Thank you so much for sharing your experience. As it turns out I am scheduled for my first Moderna injection today. This first-person information is so valuable as we move through this process.
Yes, please keep the shared stories coming. It’s helpful
As an update, my husband and I got our first Moderna dose on Wednesday, February 10. No side effects for either of us except a sore arm. We still have a couple of days where we might develop some flu-like response but so far, so good.
Thanks for the update. I’m scheduled for Mar 1st.
I’m have several friends that are receiving the vaccine. Some have said it’s the second dose that can give off some mild side effects. My infusion nurse said that was the case for her.

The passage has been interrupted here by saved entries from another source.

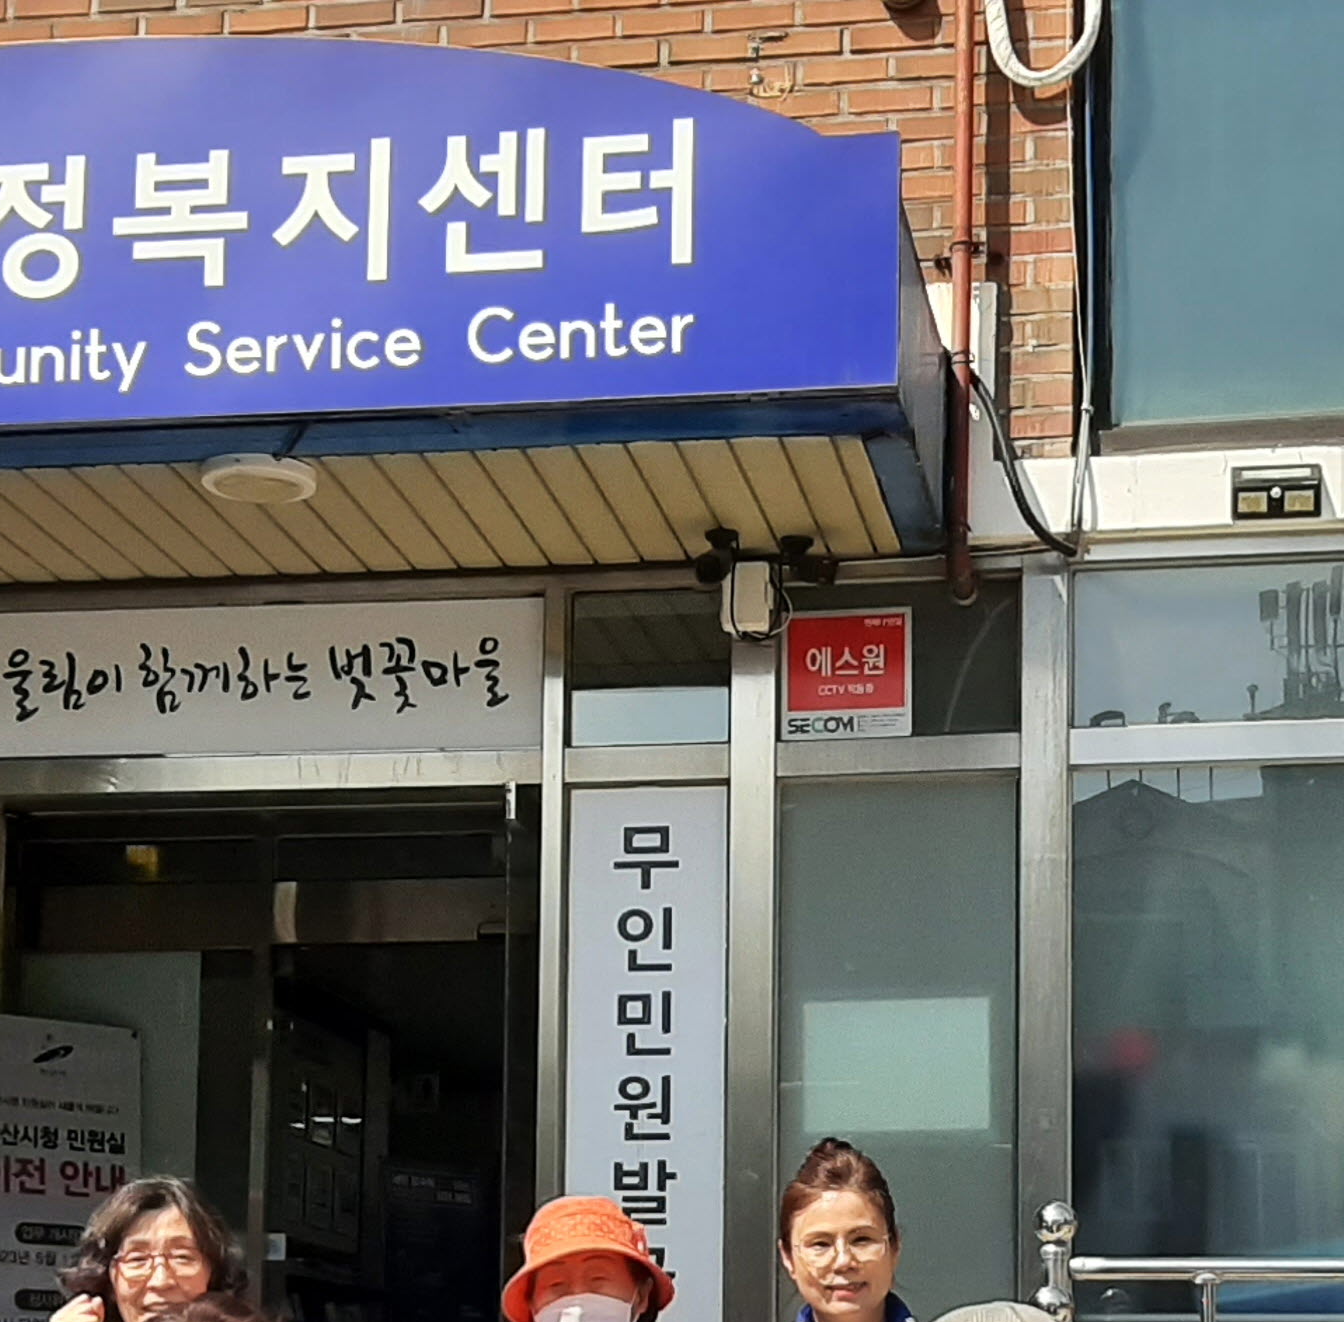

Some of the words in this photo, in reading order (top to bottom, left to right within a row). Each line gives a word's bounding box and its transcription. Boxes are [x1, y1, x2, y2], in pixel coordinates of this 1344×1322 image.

[185, 317, 422, 377] Service
[467, 302, 695, 365] Center
[138, 642, 313, 714] 함께하는
[329, 636, 510, 714] 벚꽃마을
[805, 643, 885, 677] 에스원
[787, 715, 855, 735] SECOM
[66, 1128, 126, 1155] 민원실
[59, 1160, 127, 1198] 안내
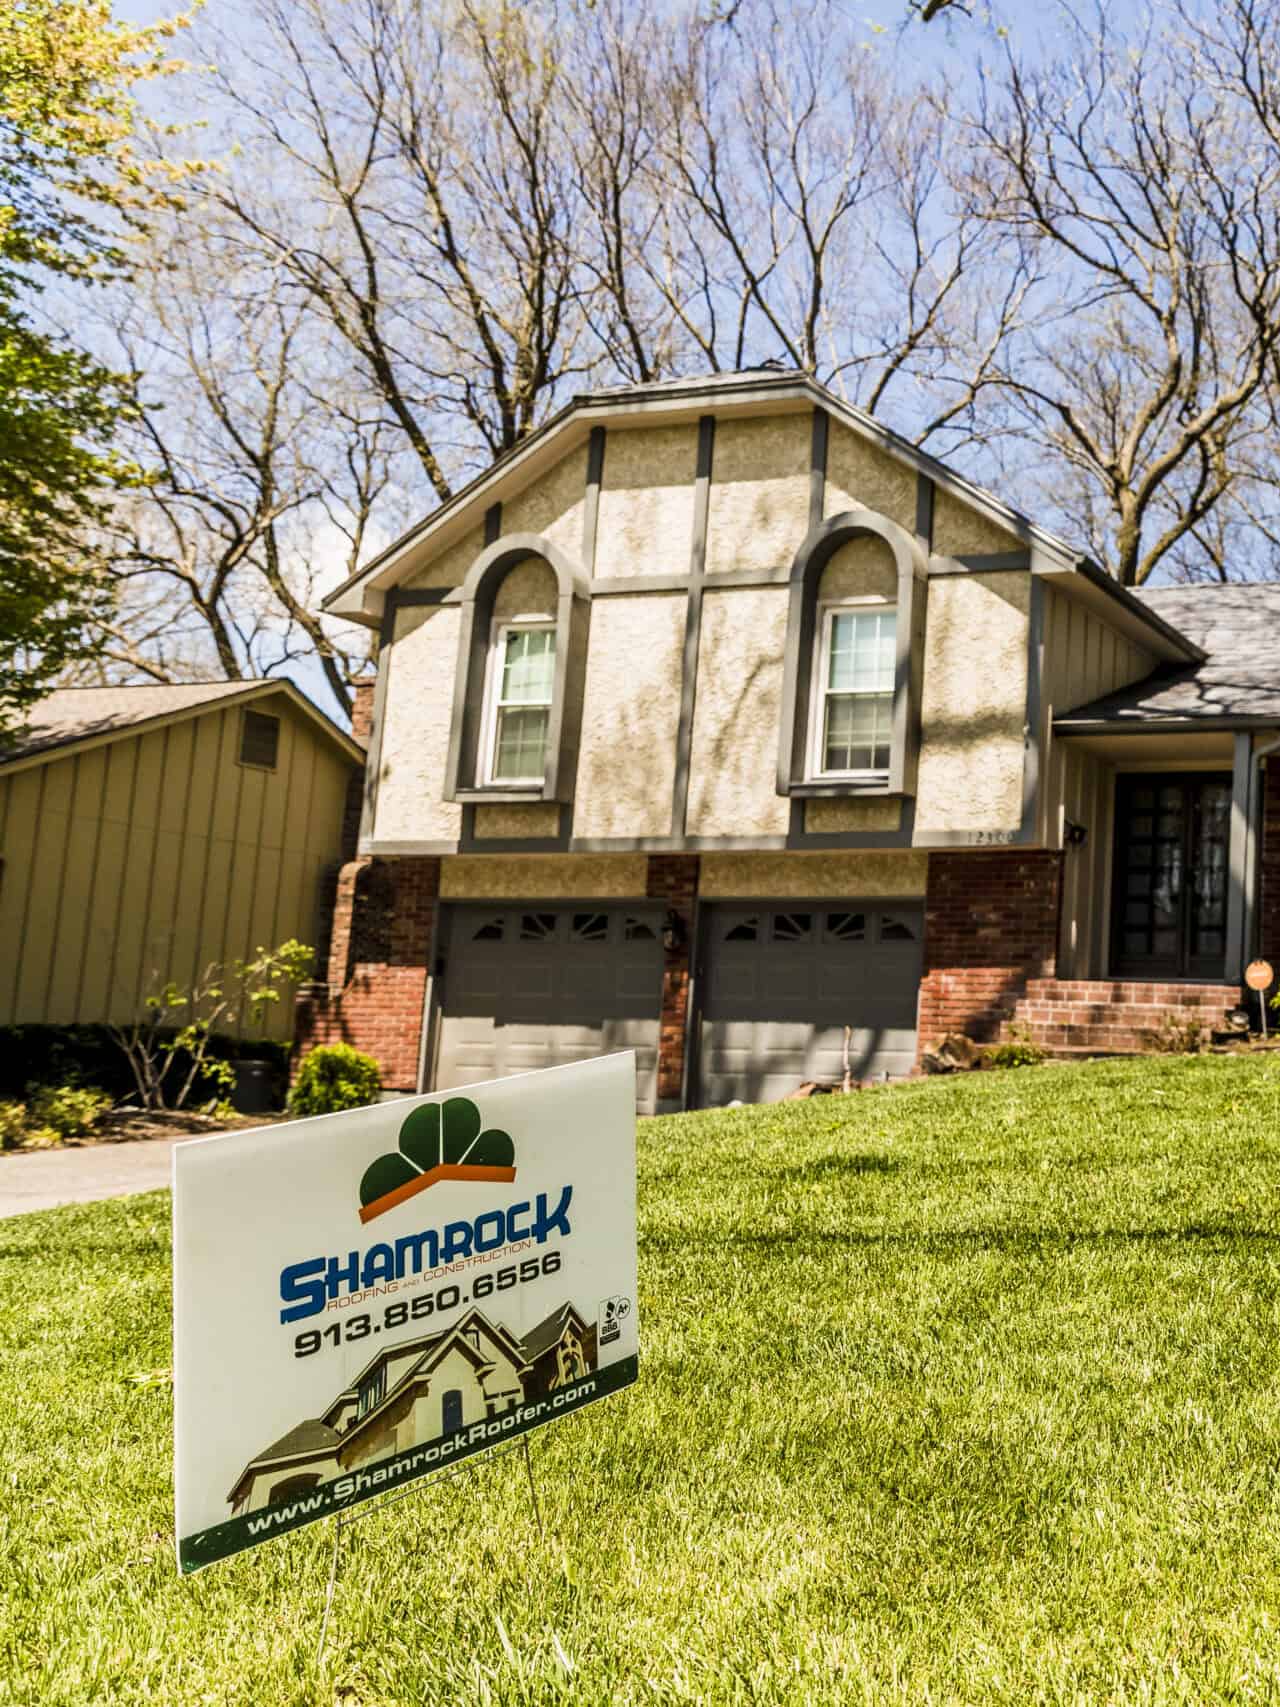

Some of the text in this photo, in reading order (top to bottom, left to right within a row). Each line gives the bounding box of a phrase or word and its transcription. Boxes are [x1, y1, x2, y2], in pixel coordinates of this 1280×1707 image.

[295, 1251, 561, 1358] 913.850.6556
[327, 1281, 399, 1312] ROOFING
[423, 1239, 532, 1283] CONSTRUCTION
[247, 1379, 596, 1535] www.ShamrockRoofer.com

Hope everyone will continue to share experiences. I’m am skipping my Orencia infusion for March at my RA doc advise. Only to give the vaccine the highest chance to reach effectiveness. He has offered me a dose pack if needed in the interim. Best of luck to all the RA patients out there. Thanks for sharing.
Thanks so much, Lyn. If you think about it, please come back and update us on your experience with the second dose. All the best!
Lyn: I’ve heard from some other patients/advocates who have had their first doses. Side effects are similar to everyone else — generally mild: sore arms, etc. And yes, data bears out that the second dose is the one that causes flu-like symptoms. What is still not known is how well people on biologics build immunity because of their compromised immune systems. Some, like you, are foregoing treatment temporarily to help avoid any issues. However, one friend said to me that she’d rather have SOME immunity than NO immunity. My advice is, barring any medical direction otherwise, is go for the vaccination when you can get scheduled. Please stay safe and check back in!